--- DATASET Enclosed Below ---
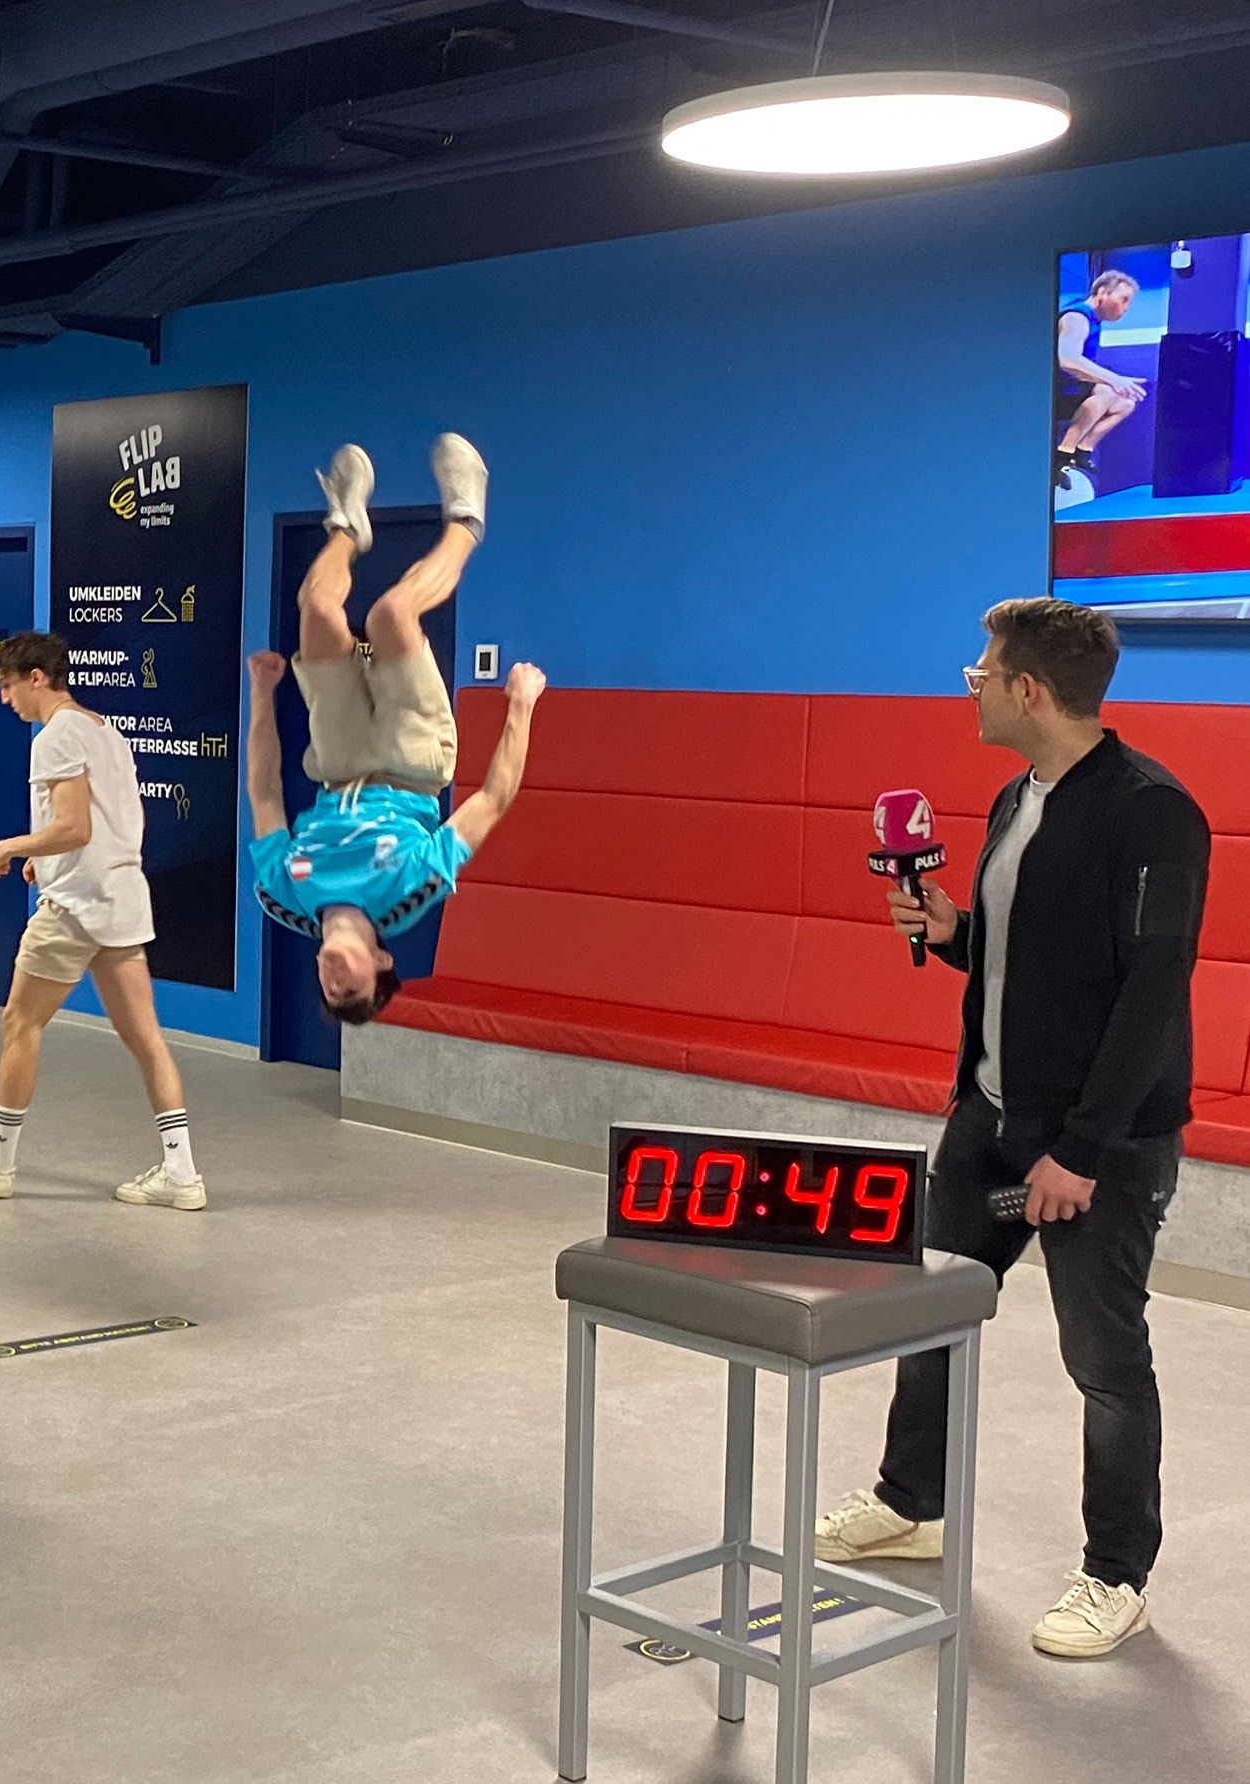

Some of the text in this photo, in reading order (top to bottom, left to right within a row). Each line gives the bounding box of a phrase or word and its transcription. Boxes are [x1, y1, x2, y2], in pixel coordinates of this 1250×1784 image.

[118, 424, 163, 472] FLIP
[137, 456, 181, 498] LAB
[140, 502, 175, 516] expanding
[139, 515, 171, 529] my limits
[69, 585, 142, 602] UMKLEIDEN
[69, 607, 123, 623] LOCKERS
[68, 650, 129, 666] WARMUP-
[68, 671, 136, 688] & FLIPAREA
[138, 716, 173, 733] AREA
[906, 800, 931, 839] 4
[915, 853, 940, 870] PULS
[619, 1147, 909, 1243] 00:49
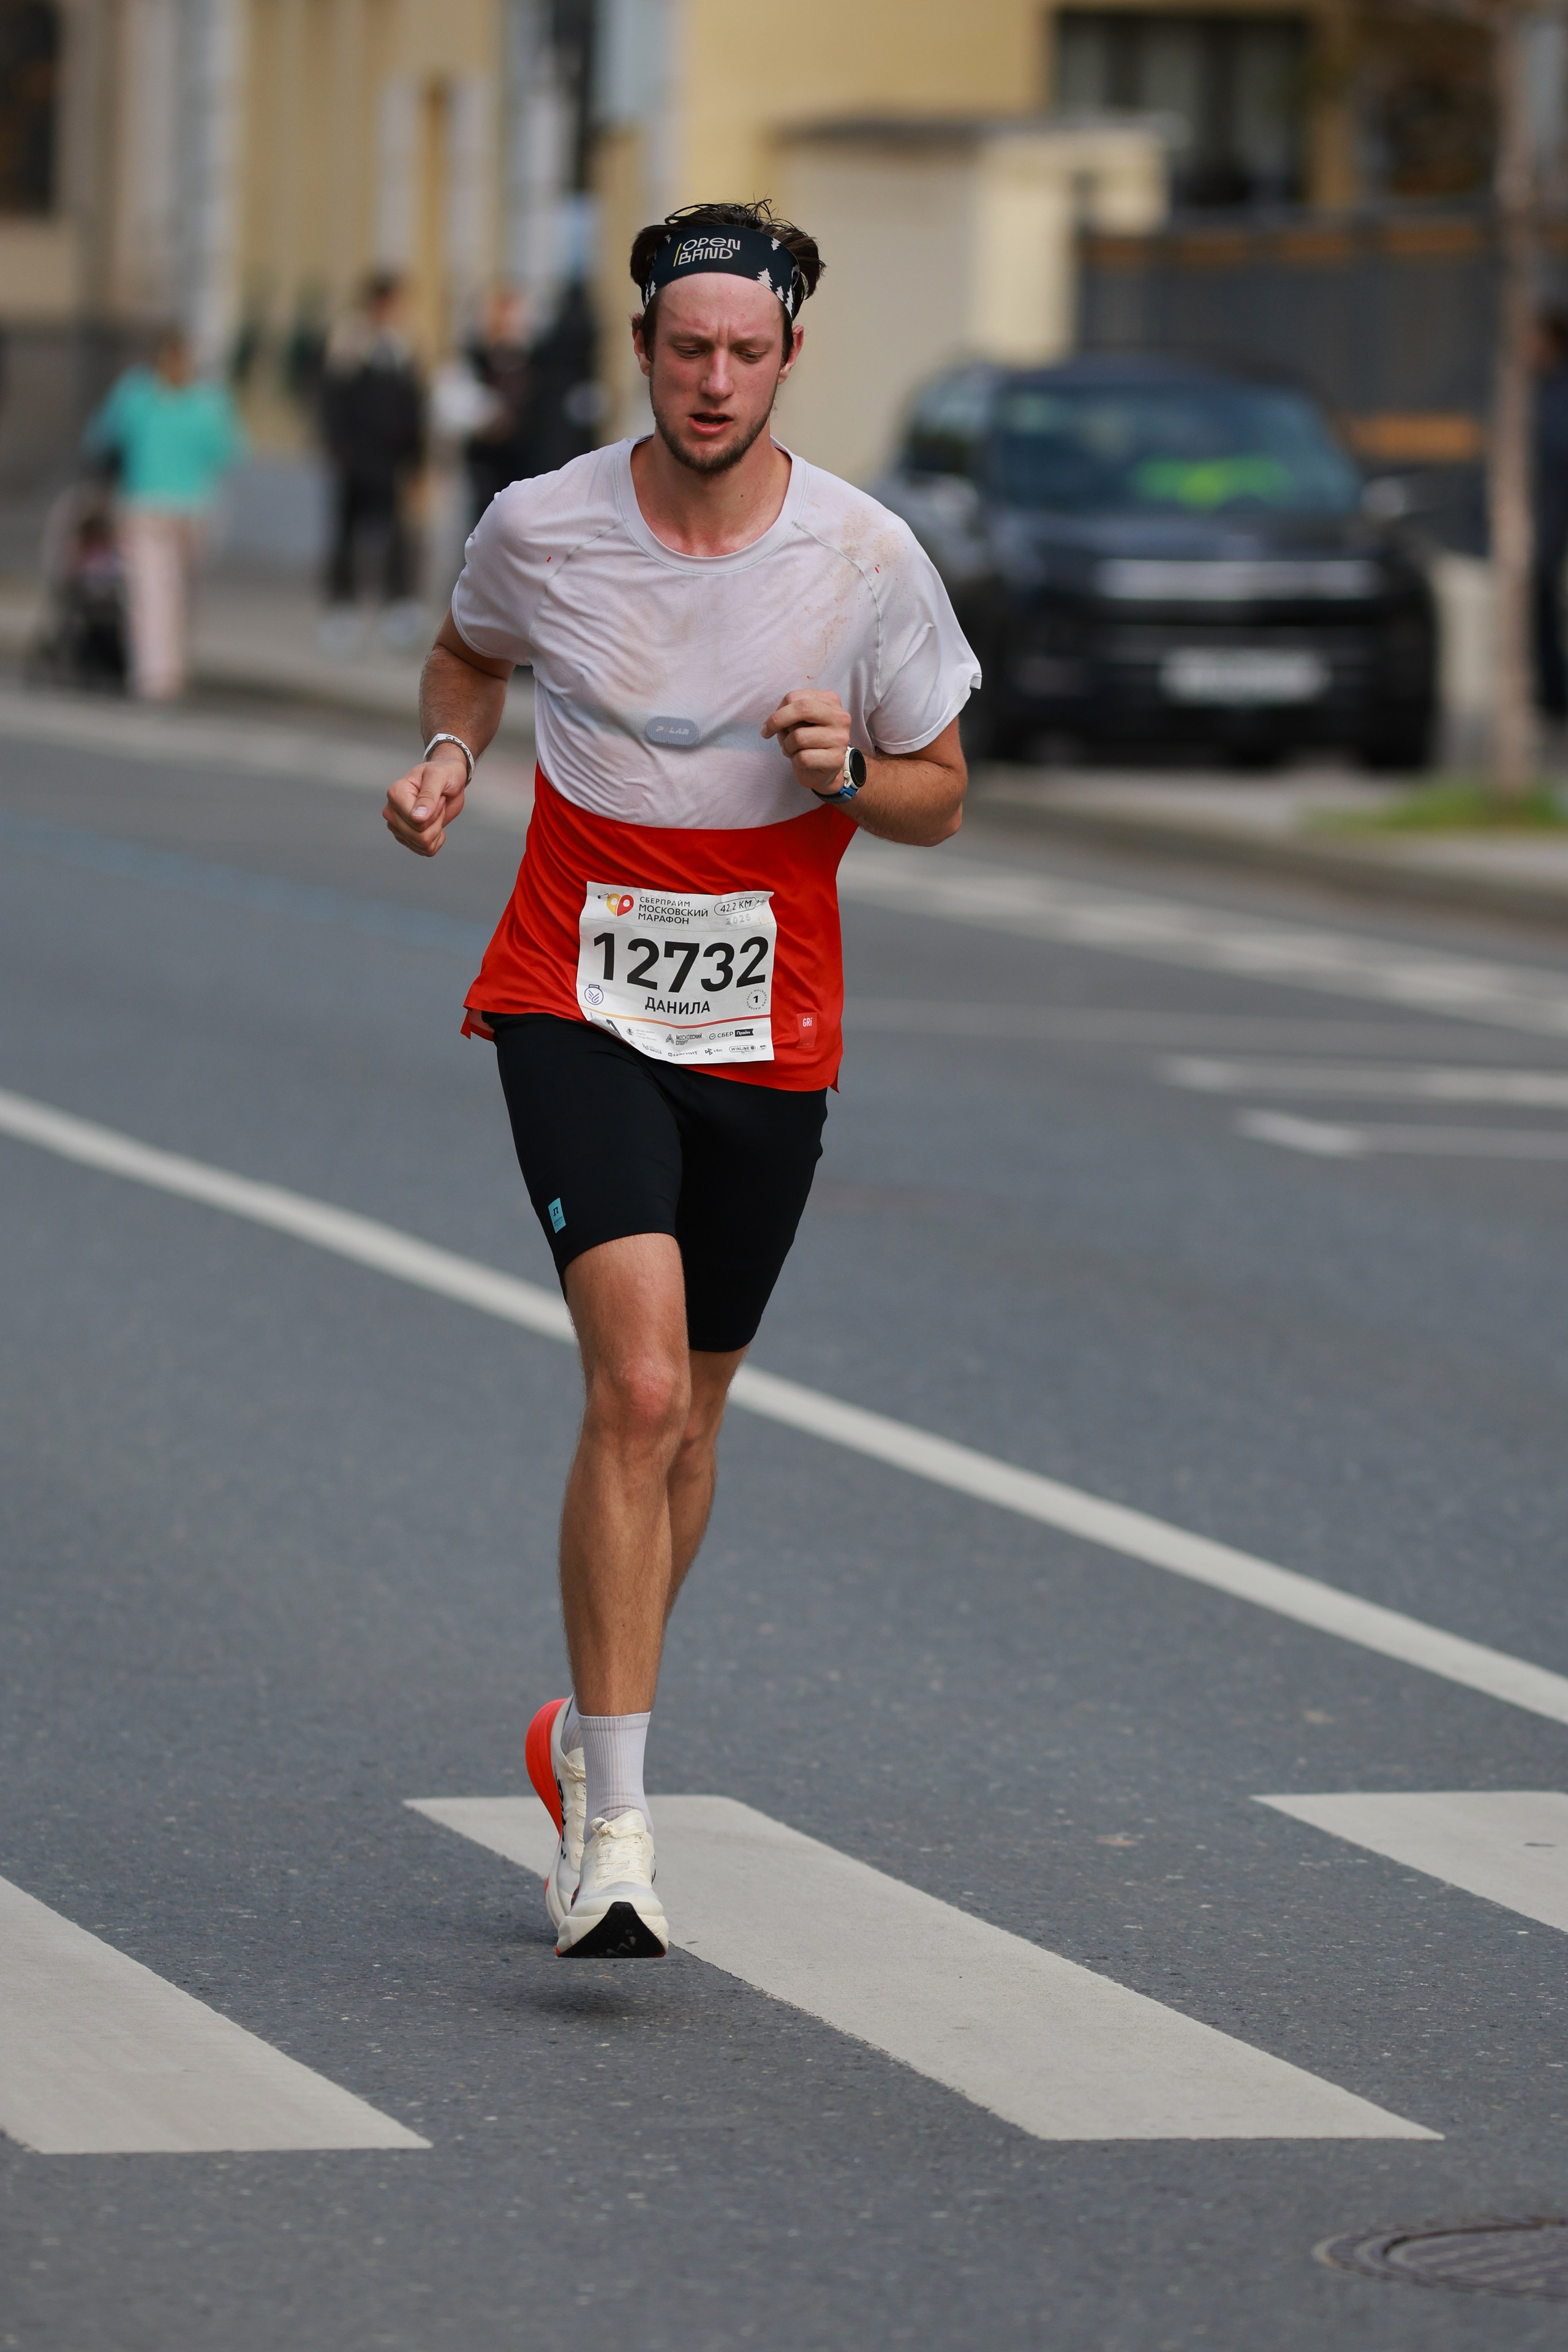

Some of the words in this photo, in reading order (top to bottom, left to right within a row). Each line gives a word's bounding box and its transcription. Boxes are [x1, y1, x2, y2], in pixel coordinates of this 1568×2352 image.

[678, 247, 734, 265] BAND
[639, 896, 690, 907] СБЕРПРАЙМ
[720, 902, 736, 913] 42,2
[739, 900, 752, 909] КМ
[639, 904, 708, 917] МОСКОВСКИЙ
[638, 913, 689, 925] МАРАФОН
[725, 913, 751, 925] 2026
[594, 932, 769, 993] 12732
[645, 997, 710, 1015] ДАНИЛА
--- End of Enclosed DATASET ---
▶ ASSIGNMENT
Set down the material exactly as given, but print none of the pictures.

▶ WORKED SOLUTION
Some of the text in this photo, in reading order (top to bottom, left to right within a row). Each line gives the bounding box of a phrase or word and its transcription. Boxes are [x1, y1, x2, y2], in pixel coordinates of this 1250×1784 image.

[118, 424, 163, 472] FLIP
[137, 456, 181, 498] LAB
[140, 502, 175, 516] expanding
[139, 515, 171, 529] my limits
[69, 585, 142, 602] UMKLEIDEN
[69, 607, 123, 623] LOCKERS
[68, 650, 129, 666] WARMUP-
[68, 671, 136, 688] & FLIPAREA
[138, 716, 173, 733] AREA
[906, 800, 931, 839] 4
[915, 853, 940, 870] PULS
[619, 1147, 909, 1243] 00:49

Some of the words in this photo, in reading order (top to bottom, left to right within a row). Each line gives a word's bounding box and its transcription. Boxes are [x1, y1, x2, y2], in pixel coordinates of this 1568×2352 image.

[678, 247, 734, 265] BAND
[639, 896, 690, 907] СБЕРПРАЙМ
[720, 902, 736, 913] 42,2
[739, 900, 752, 909] КМ
[639, 904, 708, 917] МОСКОВСКИЙ
[638, 913, 689, 925] МАРАФОН
[725, 913, 751, 925] 2026
[594, 932, 769, 993] 12732
[645, 997, 710, 1015] ДАНИЛА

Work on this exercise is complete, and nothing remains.